■ **Work instruction**: Pictures should not appear in the copy; the records themselves must be written out exactly.

Referring expression grounding data:
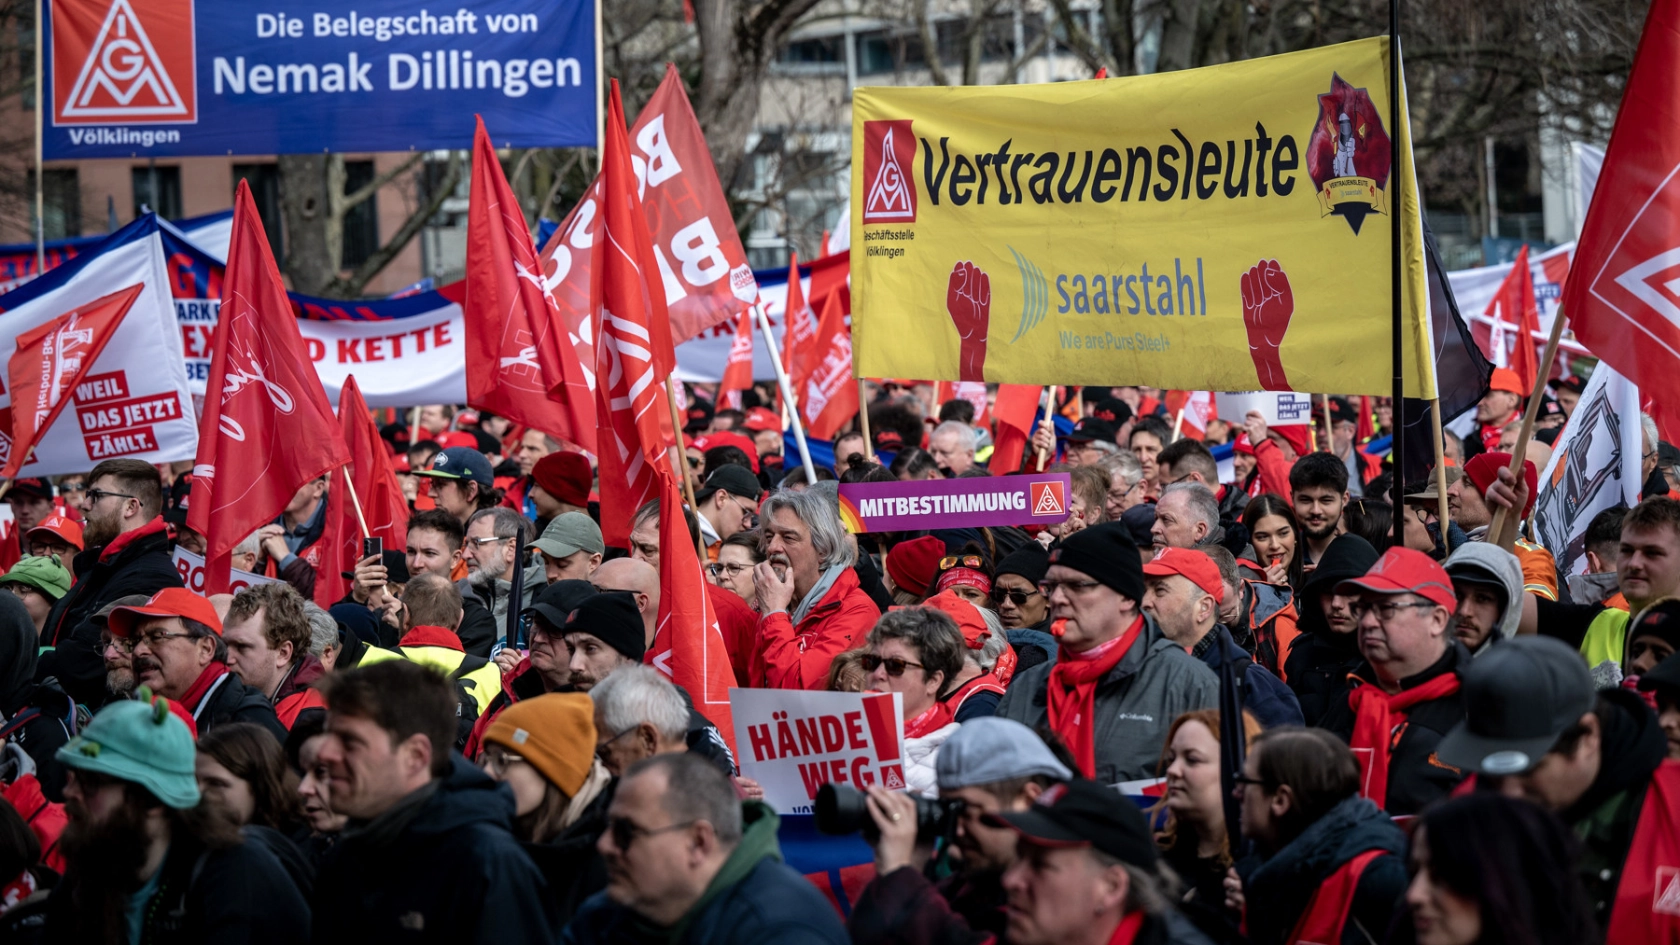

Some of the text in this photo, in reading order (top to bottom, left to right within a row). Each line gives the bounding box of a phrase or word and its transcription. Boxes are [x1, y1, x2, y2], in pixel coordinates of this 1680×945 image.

[256, 9, 538, 41] Die Belegschaft von
[213, 50, 581, 97] Nemak Dillingen
[69, 128, 180, 147] Völklingen
[920, 120, 1299, 206] Vertrauensleute
[1329, 179, 1368, 189] VERTRAUENSLEUTE
[1056, 257, 1206, 316] saarstahl
[337, 320, 452, 364] KETTE
[1059, 331, 1082, 349] We
[1085, 334, 1105, 350] are
[1105, 331, 1135, 350] Pure
[75, 378, 123, 401] WEIL
[82, 398, 175, 430] DAS JETZT
[90, 433, 153, 457] ZÄHLT.
[860, 491, 1026, 518] MITBESTIMMUNG
[747, 710, 868, 762] HÄNDE

■ **Result for this exercise**:
Some of the text in this photo, in reading order (top to bottom, left to right within a row). Each line gives the bounding box of a phrase or word and its transcription. Boxes are [x1, y1, x2, y2], in pixel coordinates of this 1680×945 image.

[256, 9, 538, 41] Die Belegschaft von
[213, 50, 581, 97] Nemak Dillingen
[69, 128, 180, 147] Völklingen
[920, 120, 1299, 206] Vertrauensleute
[1329, 179, 1368, 189] VERTRAUENSLEUTE
[1056, 257, 1206, 316] saarstahl
[337, 320, 452, 364] KETTE
[1059, 331, 1082, 349] We
[1085, 334, 1105, 350] are
[1105, 331, 1135, 350] Pure
[75, 378, 123, 401] WEIL
[82, 398, 175, 430] DAS JETZT
[90, 433, 153, 457] ZÄHLT.
[860, 491, 1026, 518] MITBESTIMMUNG
[747, 710, 868, 762] HÄNDE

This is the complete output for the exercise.